■ Assigned task: Return the records below exactly as they are written.

[Text-to-region grounding data]

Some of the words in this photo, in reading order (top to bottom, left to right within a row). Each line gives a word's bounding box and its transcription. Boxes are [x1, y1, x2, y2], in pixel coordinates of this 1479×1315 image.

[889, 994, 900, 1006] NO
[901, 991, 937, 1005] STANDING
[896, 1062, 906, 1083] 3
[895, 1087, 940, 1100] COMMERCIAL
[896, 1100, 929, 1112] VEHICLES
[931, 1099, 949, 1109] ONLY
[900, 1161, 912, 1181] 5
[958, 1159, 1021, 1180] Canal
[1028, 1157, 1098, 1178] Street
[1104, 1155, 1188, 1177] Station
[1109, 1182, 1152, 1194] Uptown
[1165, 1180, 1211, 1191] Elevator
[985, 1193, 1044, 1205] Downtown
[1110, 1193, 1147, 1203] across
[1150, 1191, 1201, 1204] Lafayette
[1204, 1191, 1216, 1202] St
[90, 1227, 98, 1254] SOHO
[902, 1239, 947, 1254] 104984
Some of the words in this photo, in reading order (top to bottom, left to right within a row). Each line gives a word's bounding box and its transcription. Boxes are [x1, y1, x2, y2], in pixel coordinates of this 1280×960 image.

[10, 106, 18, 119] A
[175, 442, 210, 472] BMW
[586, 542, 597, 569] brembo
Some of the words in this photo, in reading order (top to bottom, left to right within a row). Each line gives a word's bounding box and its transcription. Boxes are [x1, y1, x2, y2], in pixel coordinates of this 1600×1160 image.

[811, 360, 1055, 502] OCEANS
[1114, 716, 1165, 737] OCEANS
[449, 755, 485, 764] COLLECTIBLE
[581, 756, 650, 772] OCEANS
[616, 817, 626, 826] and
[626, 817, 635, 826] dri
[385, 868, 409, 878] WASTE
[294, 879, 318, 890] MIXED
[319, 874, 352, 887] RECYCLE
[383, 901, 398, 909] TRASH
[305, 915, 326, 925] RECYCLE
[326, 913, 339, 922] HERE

■ Exercise result:
Some of the words in this photo, in reading order (top to bottom, left to right within a row). Each line gives a word's bounding box and its transcription. Boxes are [x1, y1, x2, y2], in pixel coordinates of this 1479×1315 image.

[889, 994, 900, 1006] NO
[901, 991, 937, 1005] STANDING
[896, 1062, 906, 1083] 3
[895, 1087, 940, 1100] COMMERCIAL
[896, 1100, 929, 1112] VEHICLES
[931, 1099, 949, 1109] ONLY
[900, 1161, 912, 1181] 5
[958, 1159, 1021, 1180] Canal
[1028, 1157, 1098, 1178] Street
[1104, 1155, 1188, 1177] Station
[1109, 1182, 1152, 1194] Uptown
[1165, 1180, 1211, 1191] Elevator
[985, 1193, 1044, 1205] Downtown
[1110, 1193, 1147, 1203] across
[1150, 1191, 1201, 1204] Lafayette
[1204, 1191, 1216, 1202] St
[90, 1227, 98, 1254] SOHO
[902, 1239, 947, 1254] 104984
Some of the words in this photo, in reading order (top to bottom, left to right within a row). Each line gives a word's bounding box and its transcription. Boxes are [x1, y1, x2, y2], in pixel coordinates of this 1280×960 image.

[10, 106, 18, 119] A
[175, 442, 210, 472] BMW
[586, 542, 597, 569] brembo
Some of the words in this photo, in reading order (top to bottom, left to right within a row). Each line gives a word's bounding box and its transcription. Boxes are [x1, y1, x2, y2], in pixel coordinates of this 1600×1160 image.

[811, 360, 1055, 502] OCEANS
[1114, 716, 1165, 737] OCEANS
[449, 755, 485, 764] COLLECTIBLE
[581, 756, 650, 772] OCEANS
[616, 817, 626, 826] and
[626, 817, 635, 826] dri
[385, 868, 409, 878] WASTE
[294, 879, 318, 890] MIXED
[319, 874, 352, 887] RECYCLE
[383, 901, 398, 909] TRASH
[305, 915, 326, 925] RECYCLE
[326, 913, 339, 922] HERE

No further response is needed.